That’s great until those lanes become crowded and so everyone has to slow down or a parking lot owner, looking to accommodate more car, makes the parking spaces narrower and closer together.
The new pCell transmission is built on the assumption that everyone gets their own E-Z Pass lane. How? The developer, Steve Perlman, formerly of Apple and of other cloud-based start-ups he founded, has his Artemis Networks technology embracing the interference caused by nearby antennas rather than avoiding it. Data centers connected to the antennas create a mathematical calculation that creates a unique wireless signal for each network user, hence the subscript “p” for personal.
Will it work? Mr. Perlman and his team got the technology to work seamlessly on eight iPhones playing streaming video at once. He will do the same for the public at Columbia University on Wednesday, February 19th.

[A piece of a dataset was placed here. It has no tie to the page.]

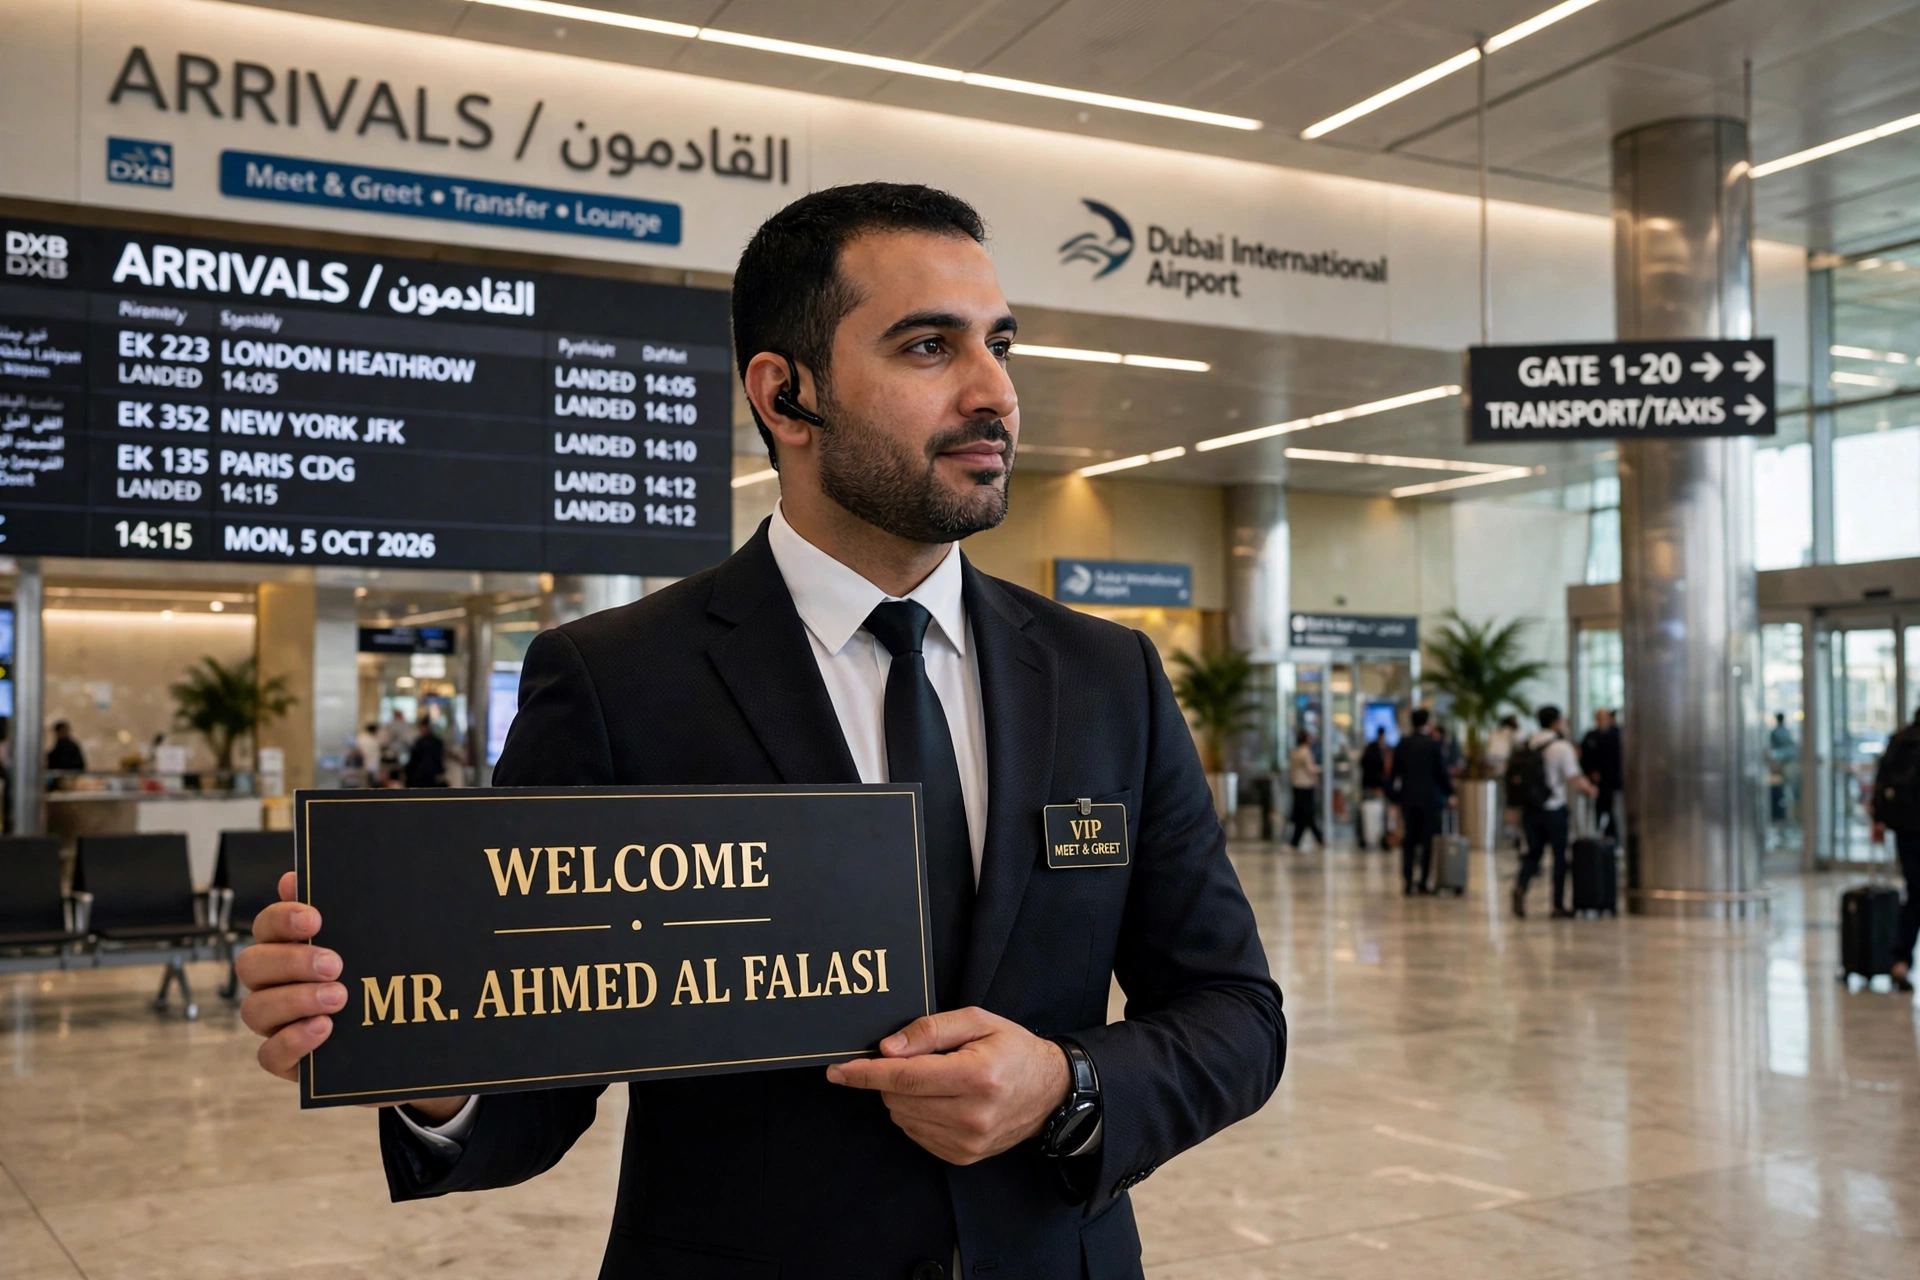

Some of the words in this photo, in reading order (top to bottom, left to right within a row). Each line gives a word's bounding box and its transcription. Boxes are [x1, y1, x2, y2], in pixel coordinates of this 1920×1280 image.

Why is this an example of creative destruction? Two reasons. One, it addresses the growing demand for ultra-fast networks and the requisite huge data appetites mobile devices, particularly those using videos and other high-speed data apps, need. And second, its cost of implementation for a newcomer to the wireless business is much lower because of pCell’s greater flexibility regarding antenna production and location than traditional wireless network providers need.
Here comes everybody, as Clay Shirky would say.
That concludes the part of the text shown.